Take that shot of the President flanked by Joe Biden and John Boehner. Yes, it looked like the VP and Speaker did perhaps coordinate their outfits, but the Technicolor tableau also prompted me to tweet, “I wonder if Crayola is adjusting their “Flesh” colored crayon as they watch this.” And I wasn’t the only one…the tweeter for Vanity Fair seemed to be focusing solely on the aesthetic of #SOTU too, tweeting, “So embarrassing…all the Supreme Court Justices...are wearing the same thing!” Not to mention the many, many tweets about Hillary's #SparklyHeadband.
One of the fun things about being on twitter during #SOTU – or really any big event – is that sense that everyone is paying really close attention to something they might not have, otherwise. In real time, Twitter saw conservatives reacting positively and surprisingly to certain remarks Obama made, and then fact-checking others moments later.
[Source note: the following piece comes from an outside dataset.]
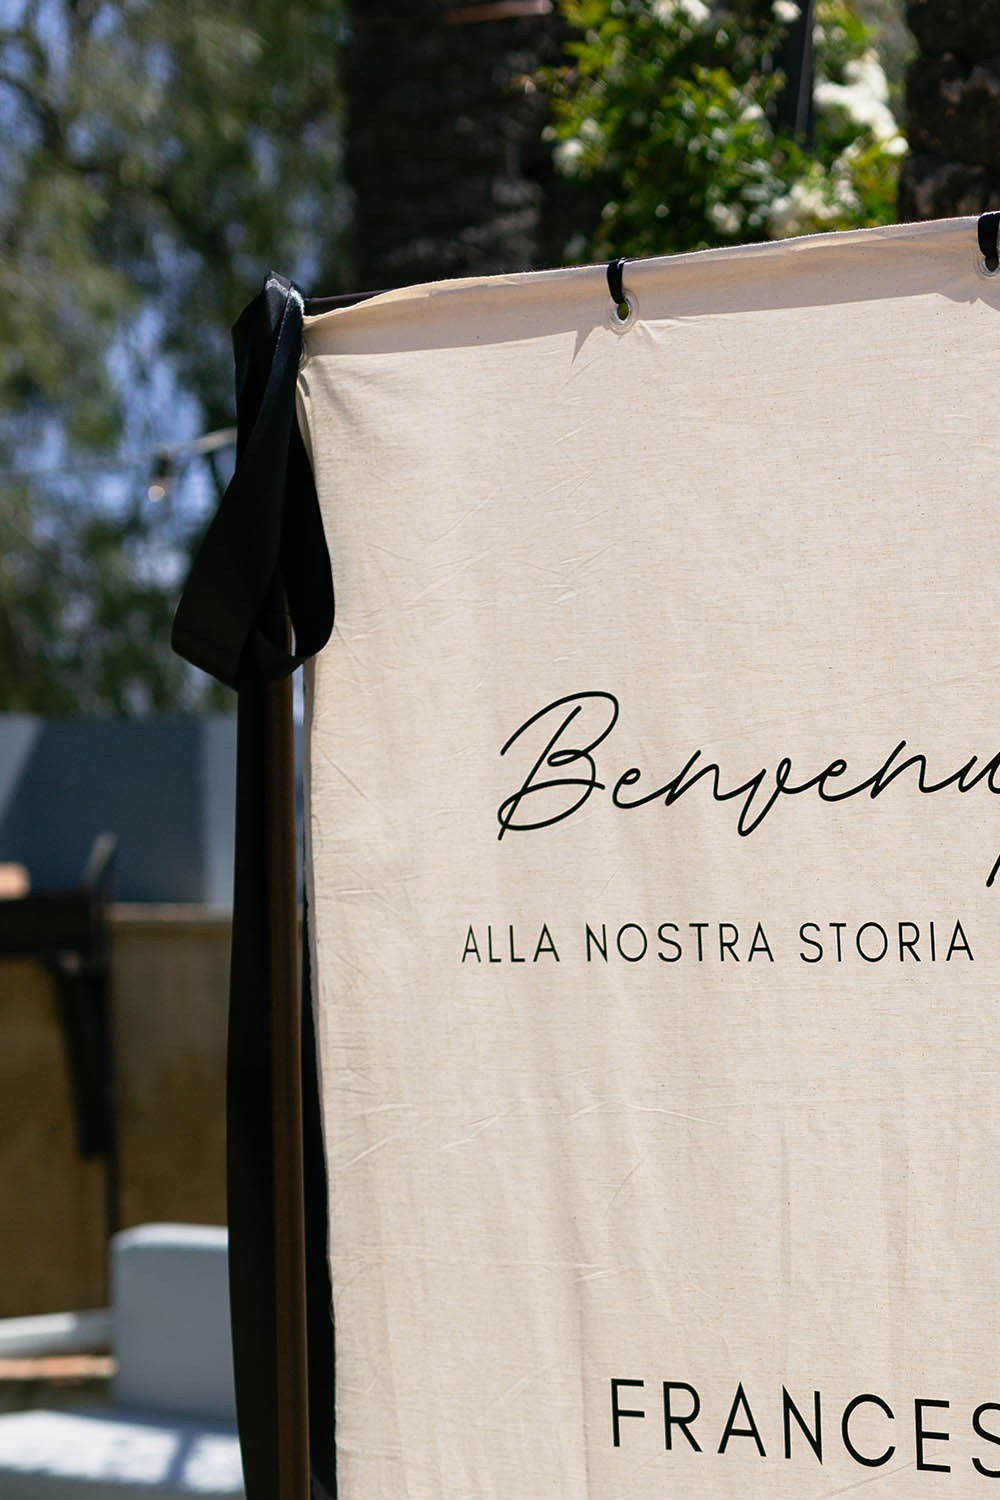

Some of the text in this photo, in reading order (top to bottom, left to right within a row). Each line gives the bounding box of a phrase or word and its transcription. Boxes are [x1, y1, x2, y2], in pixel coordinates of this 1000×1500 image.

But the overwhelming feeling of community on Twitter makes it possible for other, more revealing feelings to come out too. One of the most moving moments of the night was the Presidents’ embrace of Gabby Giffords on his way into the chamber. Everyone seemed to be moved by this…and later in the night, it inspired no shortage of meaningful commentary. Peter Sagal, host of NPR’s Wait Wait Don’t Tell Me, said this in a series of tweets:
As someone with an incident of brain trauma in my family, it breaks my heart to see Gabby Giffords. So relieved she's done so well...
...but there was no way she was going to be able to come back to Congress. Not after that. She'll always be severely diminished.
And it always bothered me how many people either didn't know that or pretended it wasn't true.
It's not like the movies. You don't get that badly hurt and end up laughing back in the office as the credits roll.
She was, and is, an amazing person. I'm sorry I didn't know enough about her before the tragedy. And it's amazing she's here. But...
...let her be what she is now, and let her do what she has to do. Okay. That's it.
Now, if I hadn't been watching #SOTU on Twitter, I would have missed that moment. And needless to say, his take, which only appeared on our feed for moments, has inspired a whole new conversation we wouldn’t have had otherwise.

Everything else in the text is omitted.